In the years following World War II, the unquestionable authority

of the Soviet Union was essentially indispensable. The victory of the

communist Soviet Union over Nazi Germany provided legitimacy to the

Yugoslav communist regime in the eyes of the majority of the population,

who were either apolitical or highly frightened and antagonistically

disposed towards the communist government. Such a mood was, inter alia,

a result of decades-long propaganda that represented communists as the

greatest social evil. In the eyes of the skeptical or indifferent local

population, the powerful Soviet infrastructure, able to produce

thousands of tanks and aircraft and crush the German military machine,

provided legitimacy to the Yugoslav Communist Party that had no

experience in managing a peacetime economy. Therefore, in the post-war

period, the Sovietization of Yugoslav society, which aimed to become a

communist society, was indispensable and had to be conducted on all

levels: not only on the strategic level of society management but also

on the level of everyday life .

A good illustration of this might be found in the schedule of

holidays to be celebrated in schools, which was published in

People's Education (Narodna prosvjeta) on January 18 , 1946. Of 15

days that were marked as holidays, six referred to Soviet holidays, two

to international holidays, four to Croatian anniversaries and three to

Yugoslav anniversaries.

Libraries were also deeply involved in carrying out their

educational tasks. In addition to the "passive" imposition of

the Soviet content through the selection of books available in libraries

and their prominent status in various exhibitions organized by

libraries, Soviet books were "actively" pushed into the hands

of readers:



The activity of librarians--agitators is evident in the following

episode: a 15-year old boy, asked for The Idiot by Dostoevsky, as he

had no idea what to choose for reading and the title intrigued him. At

last, he was glad to leave the library with How the Steel was Tempered

under his arm (Kancijan, 1948: 48)

At the time when Yugoslav literary heroes had not yet entered the

scene, i.e. prior to 1953 (1), giving prominence to Soviet heroes and

their superiority over other literary heroes was sorely needed in

children's literature. For example, Son of the Regiment (Sin puka),

a novel by Valentin Kataev, first published in the Soviet Union in 1945,

was published in Yugoslavia in 1946. Its hero, Vanya Solntsev, an orphan

adopted by the military unit at the frontline, was a perfect literary

realization of the child-hero, a concept which, though very present in

Yugoslav society in the Best Home Improvement College Station years following World War II, was not depicted

in literature. A large number of children joined Partisan units during

the war. After the war they were perceived in the same manner as during

the war: as being equal to adults.

War victors and those who took up the task o f building a new

society imposed the picture of the child they created during the war:

this is a picture of the child-hero who performed war tasks even in the

fiercest battles. In the new circumstances, during the period of the

post-war reconstruction, this child stood shoulder to shoulder with

adults during the reconstruction of the country.

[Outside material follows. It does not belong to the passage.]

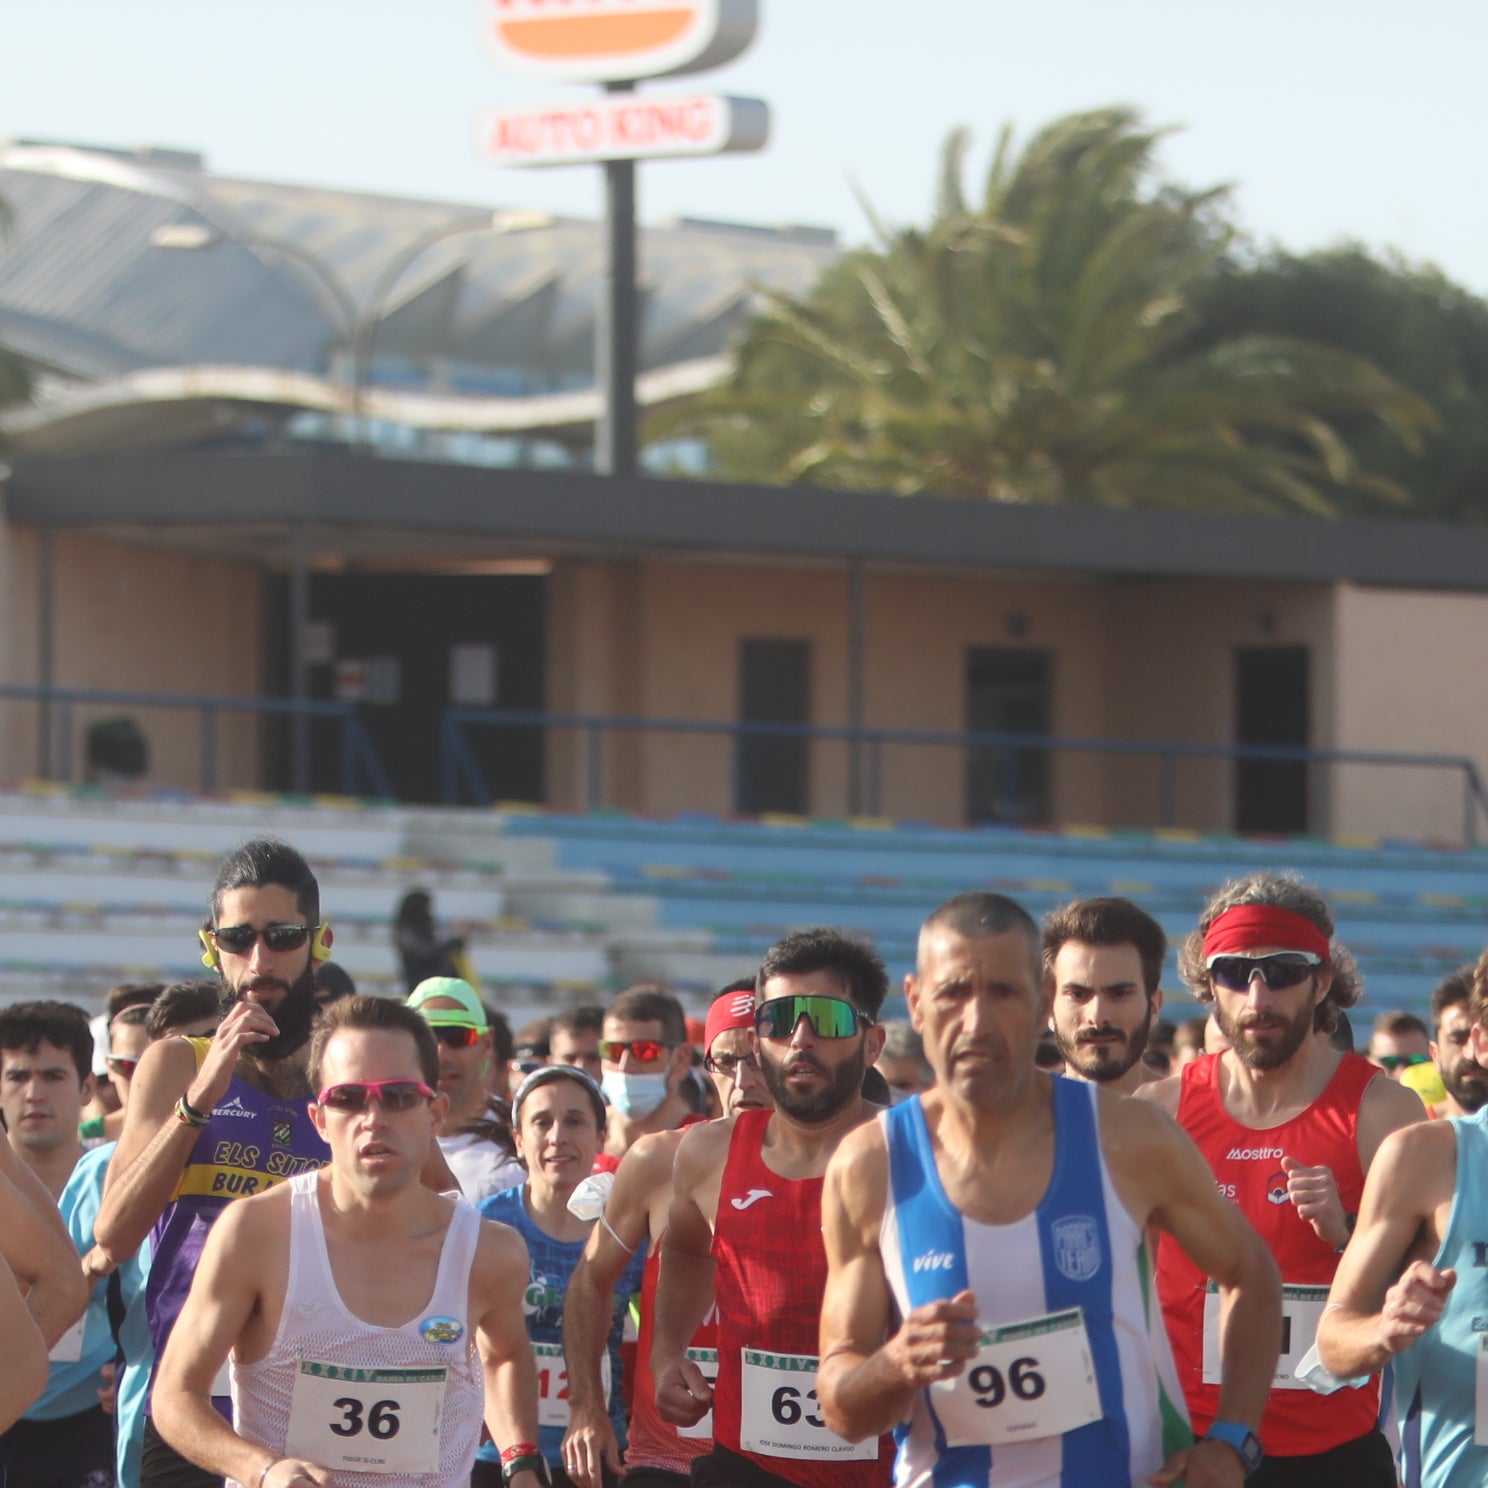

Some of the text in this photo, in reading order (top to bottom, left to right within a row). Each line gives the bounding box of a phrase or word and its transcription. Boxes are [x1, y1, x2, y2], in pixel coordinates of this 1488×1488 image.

Pioneer units were formed with the aim of taking part in the

reconstruction that was under way all over the country. The image of the

heroic child, a relevant participant in society, is particularly

noticeable in the pioneer press. The first pages of children's

magazines were most often reserved for resolutions and reports from the

congresses of the Alliance of the Communist Youth of Yugoslavia (Savez

komunisticke omladine Jugoslavije) or the Communist Party of Yugoslavia

or for addresses by the Party leaders. The lexis, syntax and

ar gumentation used in these articles were not in the least different

from those used in articles addressed to adult readers.

However, a considerably larger number of children had not taken

part in war operations but had lived their lives in urban or rural

environments. It was urgently necessary to introduce these children to

their new social role and to provide them with heroes they had to look

up to. Large masses of children, who could not be easily influenced by

political speeches and meetings, or various forms of pressure or

promises of a better social status or employment, had to be mobilized.

To a certain extent, this was achieved through school curricula.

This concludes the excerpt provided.